PRINCETON, NJ -- The majority of Republicans in the United States do not believe the theory of evolution is true and do not believe that humans evolved over millions of years from less advanced forms of life. This suggests that when three Republican presidential candidates at a May debate stated they did not believe in evolution, they were generally in sync with the bulk of the rank-and-file Republicans whose nomination they are seeking to obtain.

Independents and Democrats are more likely than Republicans to believe in the theory of evolution. But even among non-Republicans there appears to be a significant minority who doubt that evolution adequately explains where humans came from.

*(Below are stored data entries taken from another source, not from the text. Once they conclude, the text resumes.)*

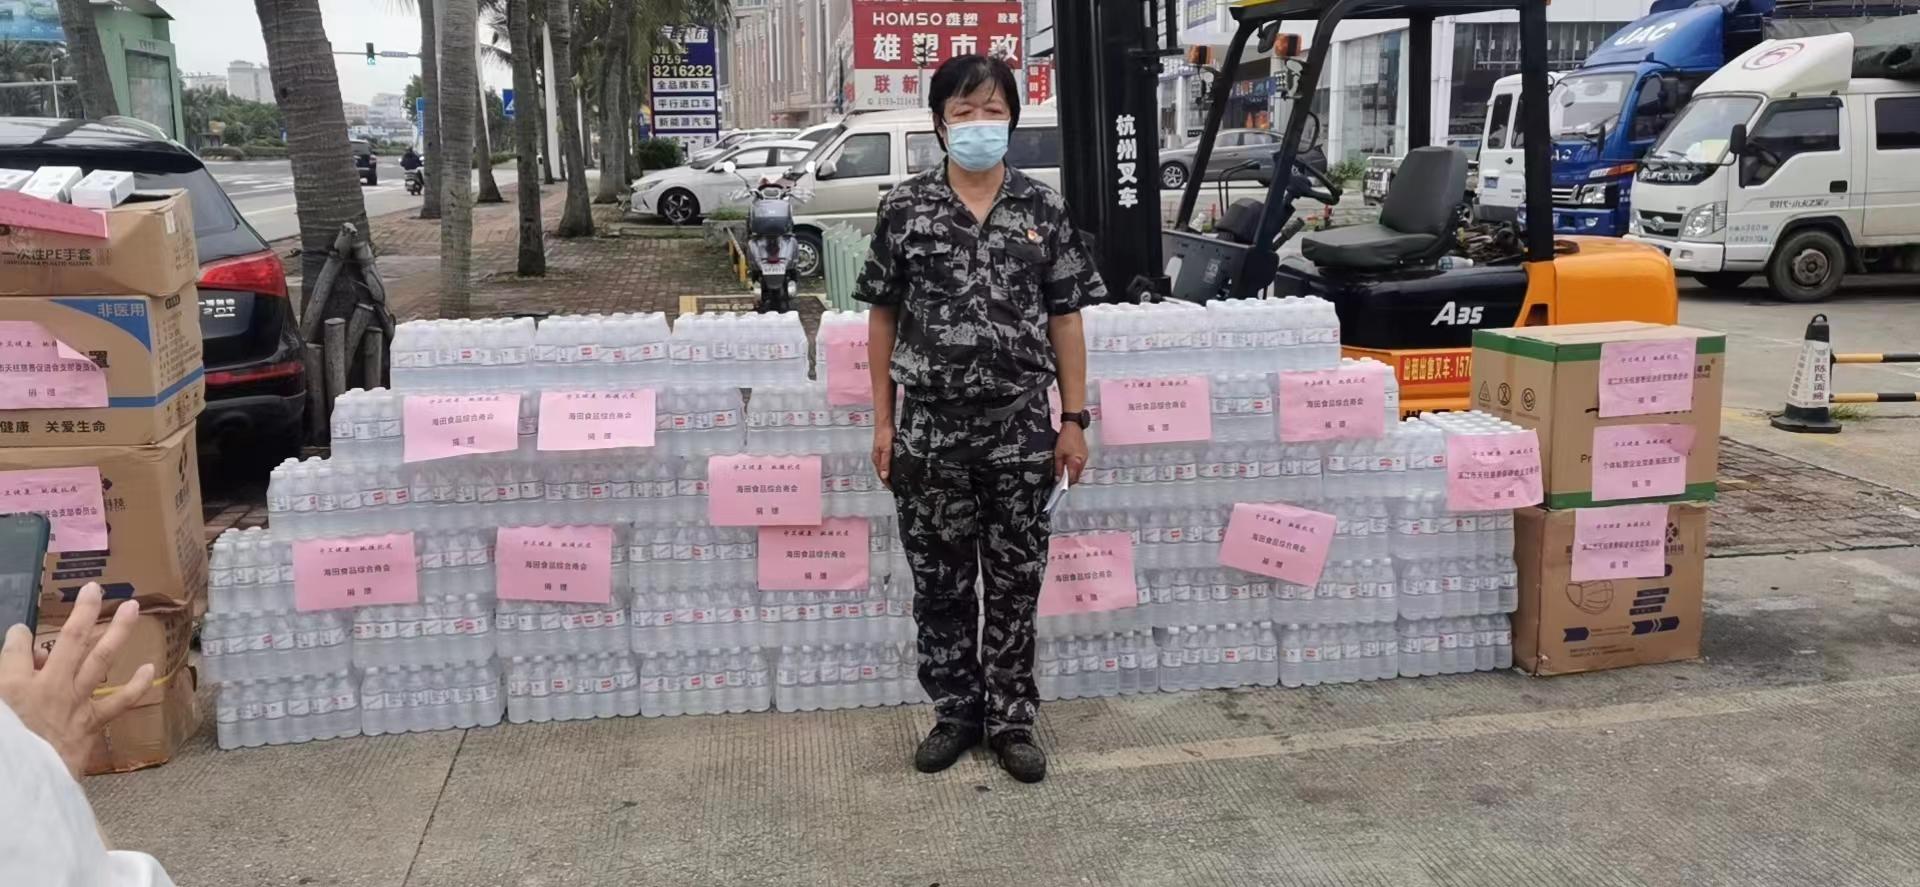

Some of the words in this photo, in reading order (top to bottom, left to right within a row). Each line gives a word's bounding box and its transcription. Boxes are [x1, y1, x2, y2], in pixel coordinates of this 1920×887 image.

[872, 12, 943, 26] HOMSO
[1614, 22, 1677, 46] JAC
[873, 32, 1020, 63] 雄塑市政
[653, 65, 713, 77] 8216232
[657, 81, 711, 90] 全品牌新车
[658, 99, 712, 109] 平行进口车
[659, 117, 712, 127] 新能源汽车
[1116, 114, 1138, 208] 杭州叉车
[1550, 149, 1572, 161] AC
[2, 247, 92, 261] 一次性PE手套
[98, 301, 146, 318] 非医用
[1431, 301, 1485, 325] A35
[46, 420, 106, 434] 关爱生命
[735, 484, 799, 494] 海田食品综合商会
[785, 550, 847, 559] 海田食品综合商会

The data from several recent Gallup studies suggest that Americans' religious behavior is highly correlated with beliefs about evolution. Those who attend church frequently are much less likely to believe in evolution than are those who seldom or never attend. That Republicans tend to be frequent churchgoers helps explain their doubts about evolution.

<SNIP>

The graph shows the relationship between church attendance and response to the straightforward question of belief in evolution.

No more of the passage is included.